# Record extracts:
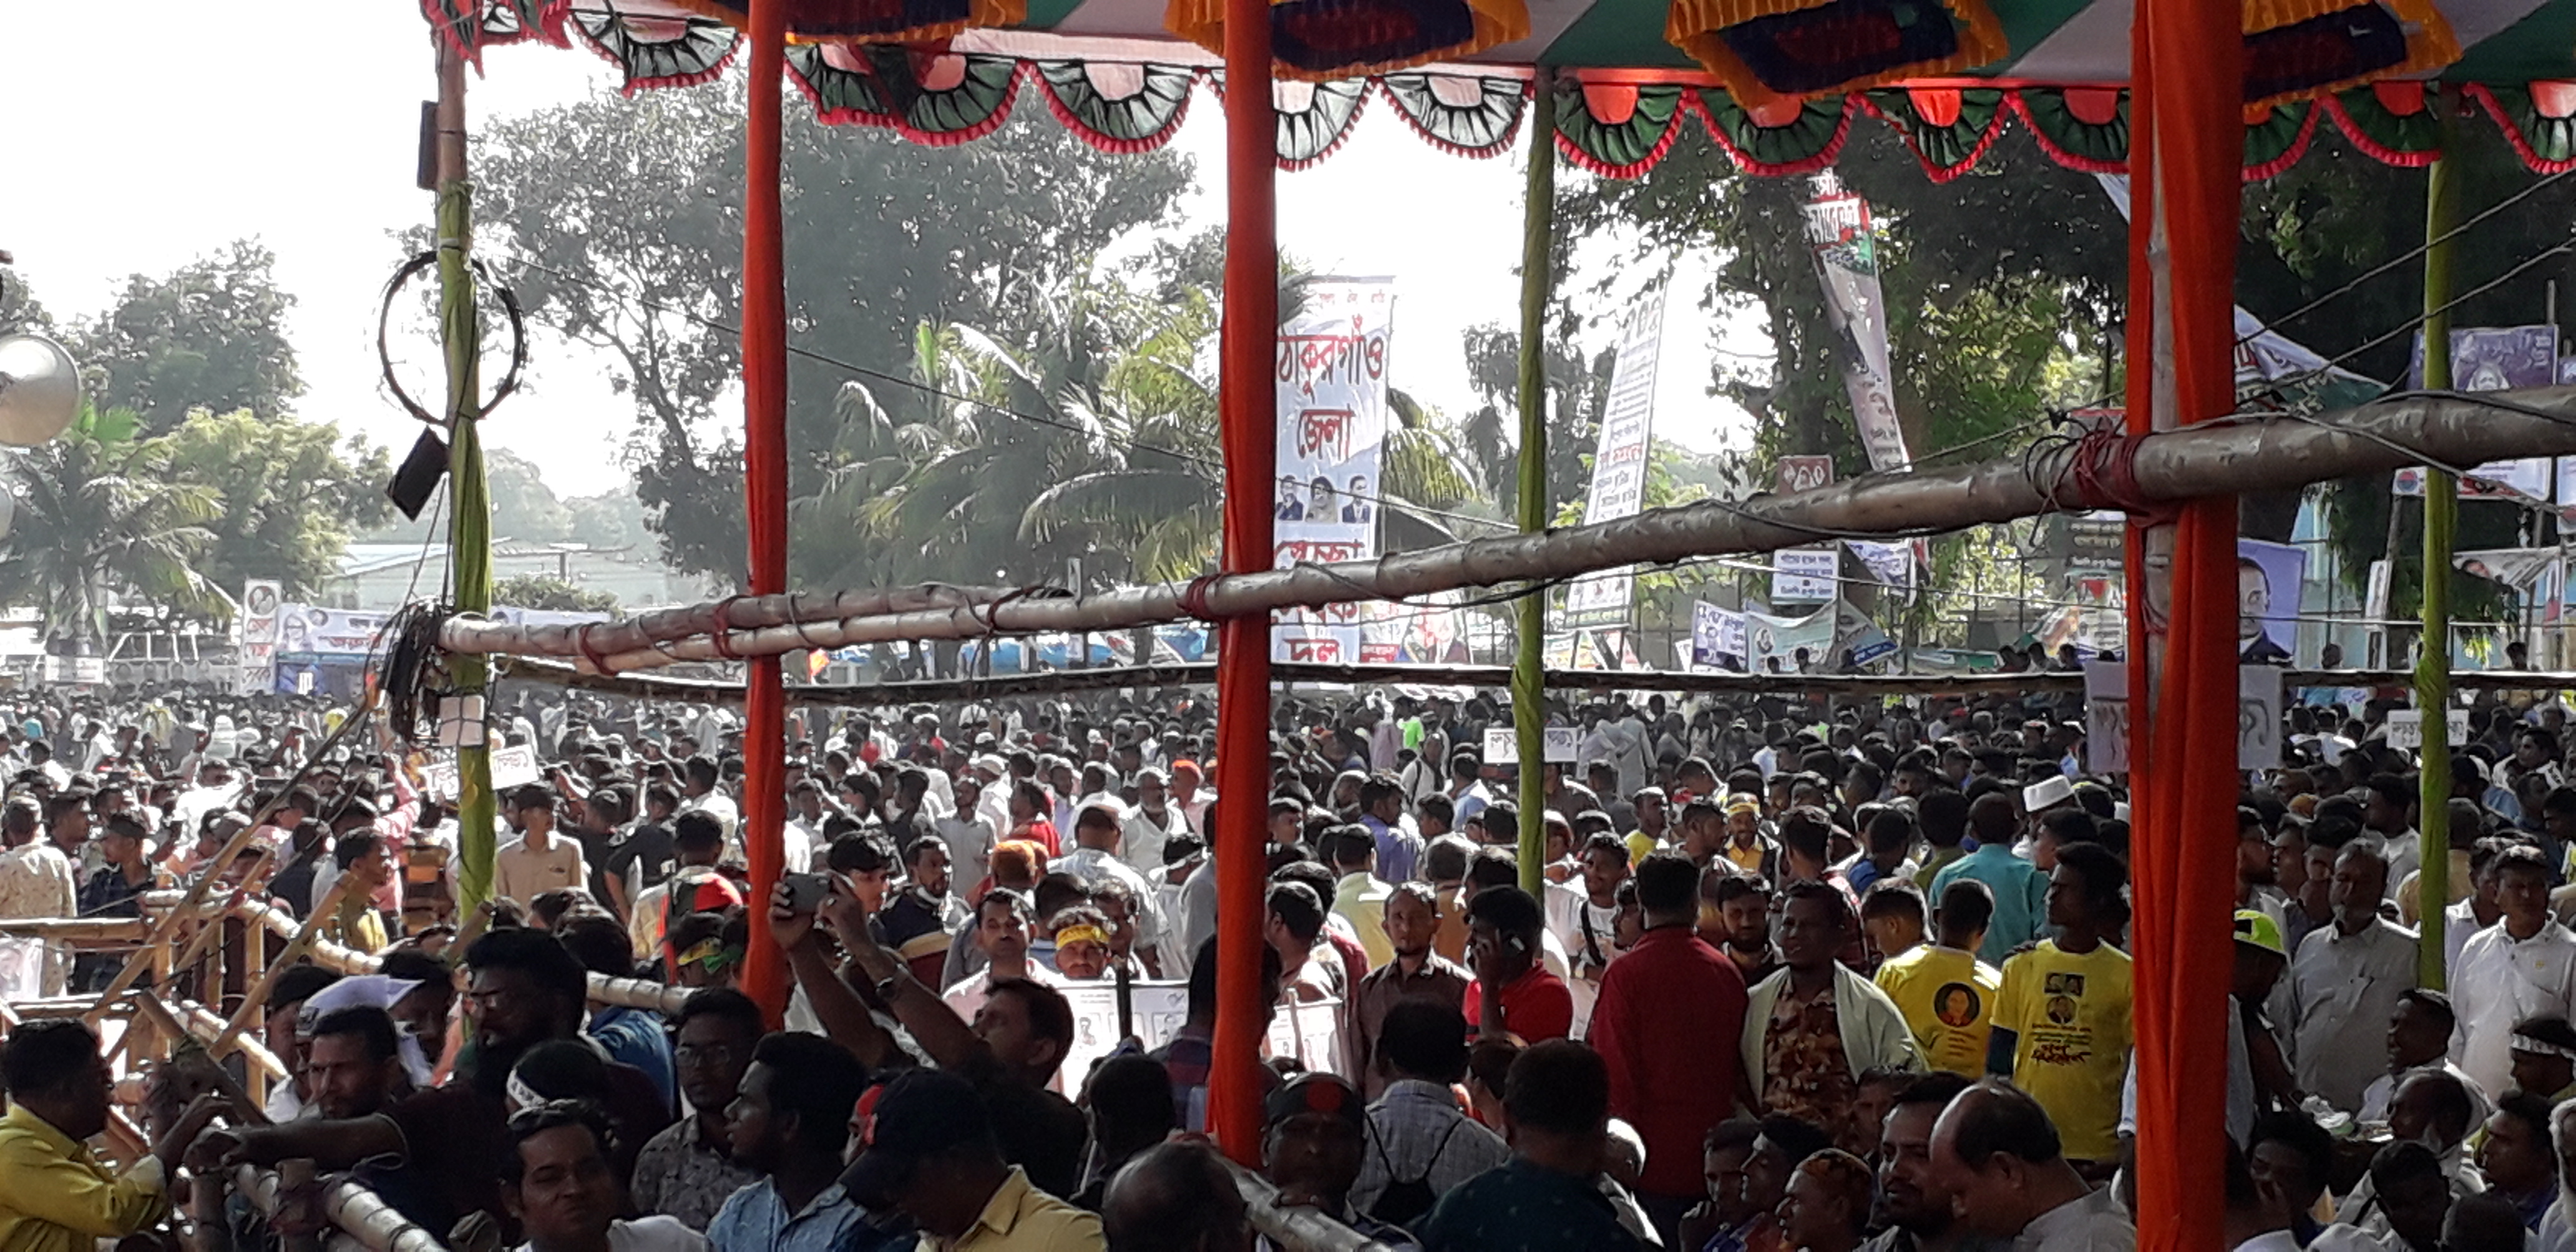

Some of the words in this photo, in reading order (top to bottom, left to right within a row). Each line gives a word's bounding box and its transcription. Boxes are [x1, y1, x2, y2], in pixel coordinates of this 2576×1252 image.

[1277, 314, 1384, 405] ঠাকুরগাঁও
[1297, 403, 1356, 463] জেলা
[1283, 638, 1340, 663] দল
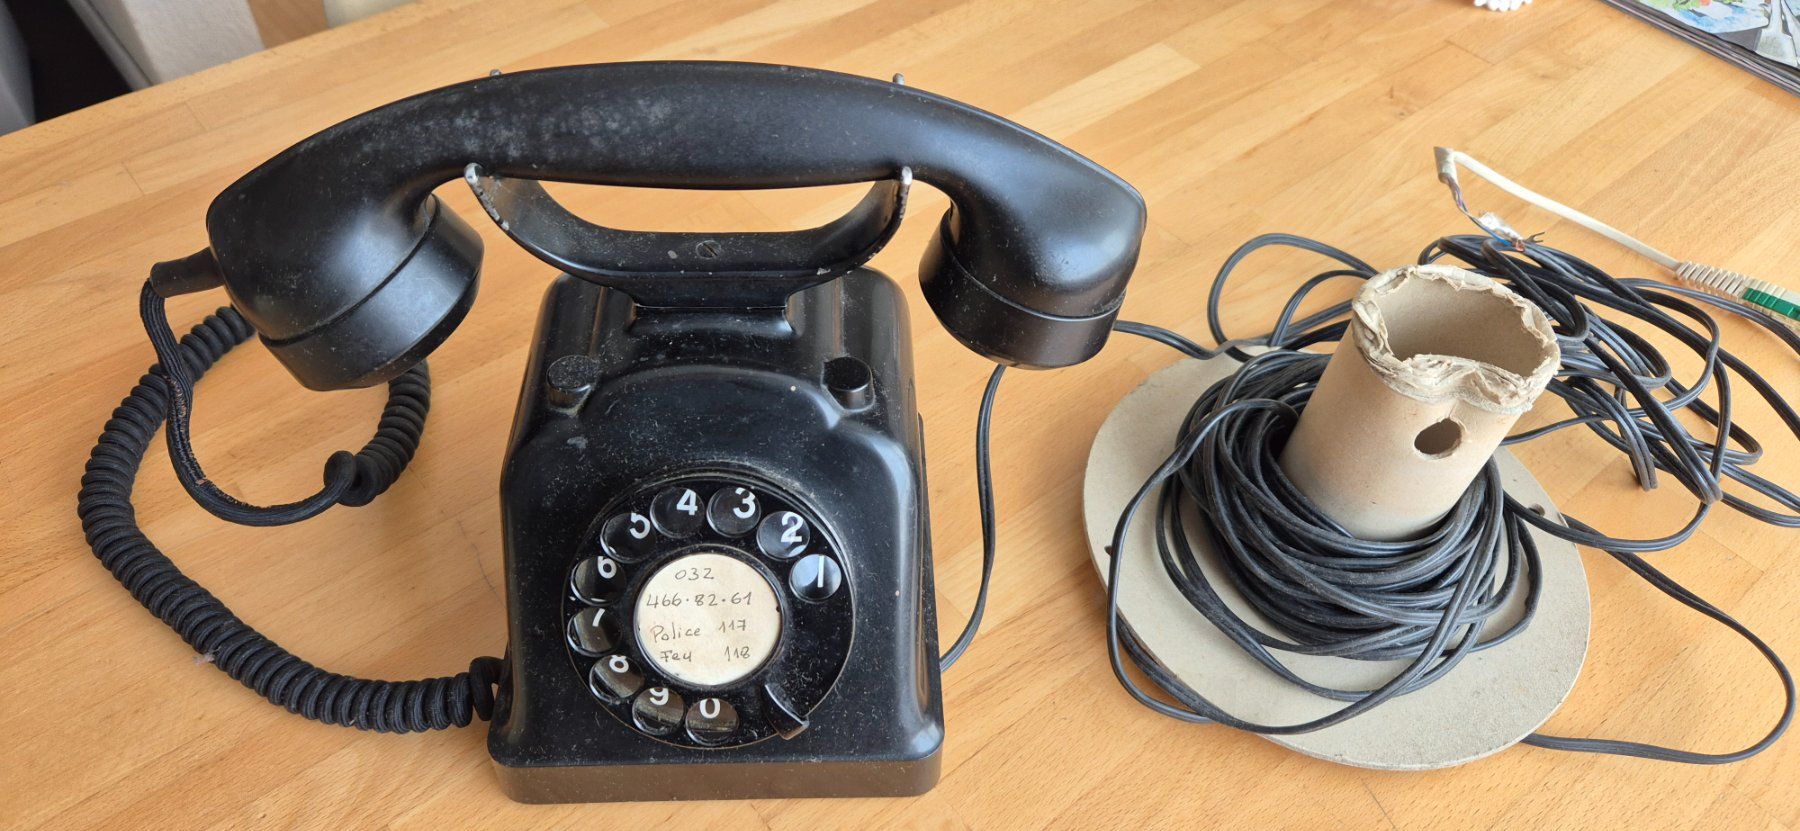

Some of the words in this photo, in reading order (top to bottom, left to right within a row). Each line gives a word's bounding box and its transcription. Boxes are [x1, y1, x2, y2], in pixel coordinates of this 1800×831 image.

[676, 488, 698, 516] 4
[733, 487, 756, 519] 3
[629, 512, 651, 539] 5
[780, 511, 804, 543] 2
[597, 555, 618, 579] 6
[674, 567, 715, 581] 032
[817, 554, 825, 588] 1
[650, 622, 701, 643] Police
[718, 619, 747, 633] 117
[724, 645, 751, 661] 118
[649, 687, 669, 706] 9
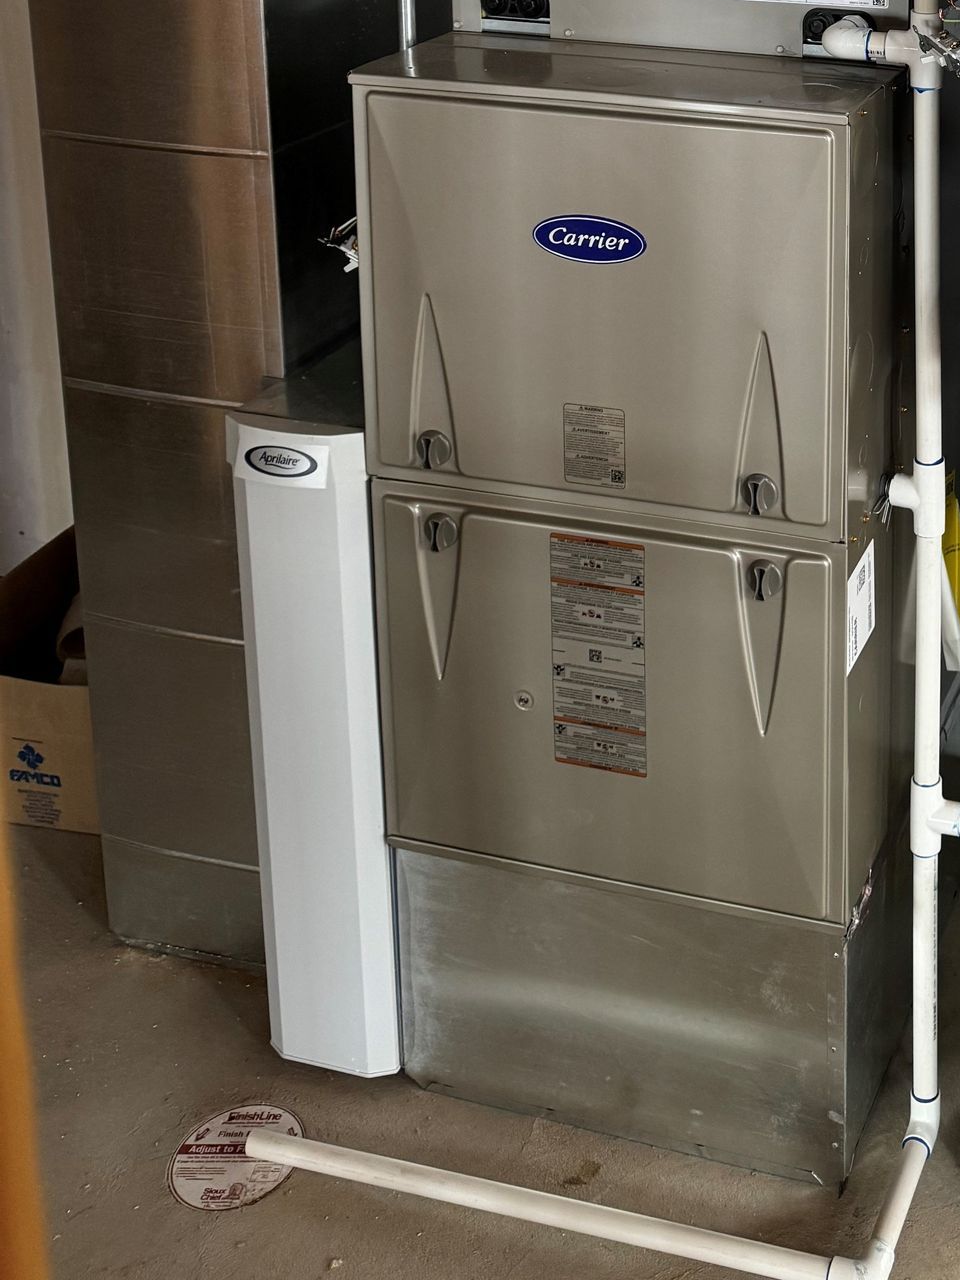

# Instructions to follow:
Reproduce the material word for word, but without its images.

# Solution for this task:
Some of the words in this photo, in reading order (top to bottom, left to right within a row). Each line gives a word's bounding box and its transcription. Boxes are [x1, y1, x2, y2], in pixel coordinates of this 2576×1252 image.

[1277, 314, 1384, 405] ঠাকুরগাঁও
[1297, 403, 1356, 463] জেলা
[1283, 638, 1340, 663] দল

Some of the words in this photo, in reading order (top to bottom, left to right within a row). Each line gives a word's bounding box and its transcription. Boxes are [x1, y1, x2, y2], in pixel coordinates of this 1800×831 image.

[676, 488, 698, 516] 4
[733, 487, 756, 519] 3
[629, 512, 651, 539] 5
[780, 511, 804, 543] 2
[597, 555, 618, 579] 6
[674, 567, 715, 581] 032
[817, 554, 825, 588] 1
[650, 622, 701, 643] Police
[718, 619, 747, 633] 117
[724, 645, 751, 661] 118
[649, 687, 669, 706] 9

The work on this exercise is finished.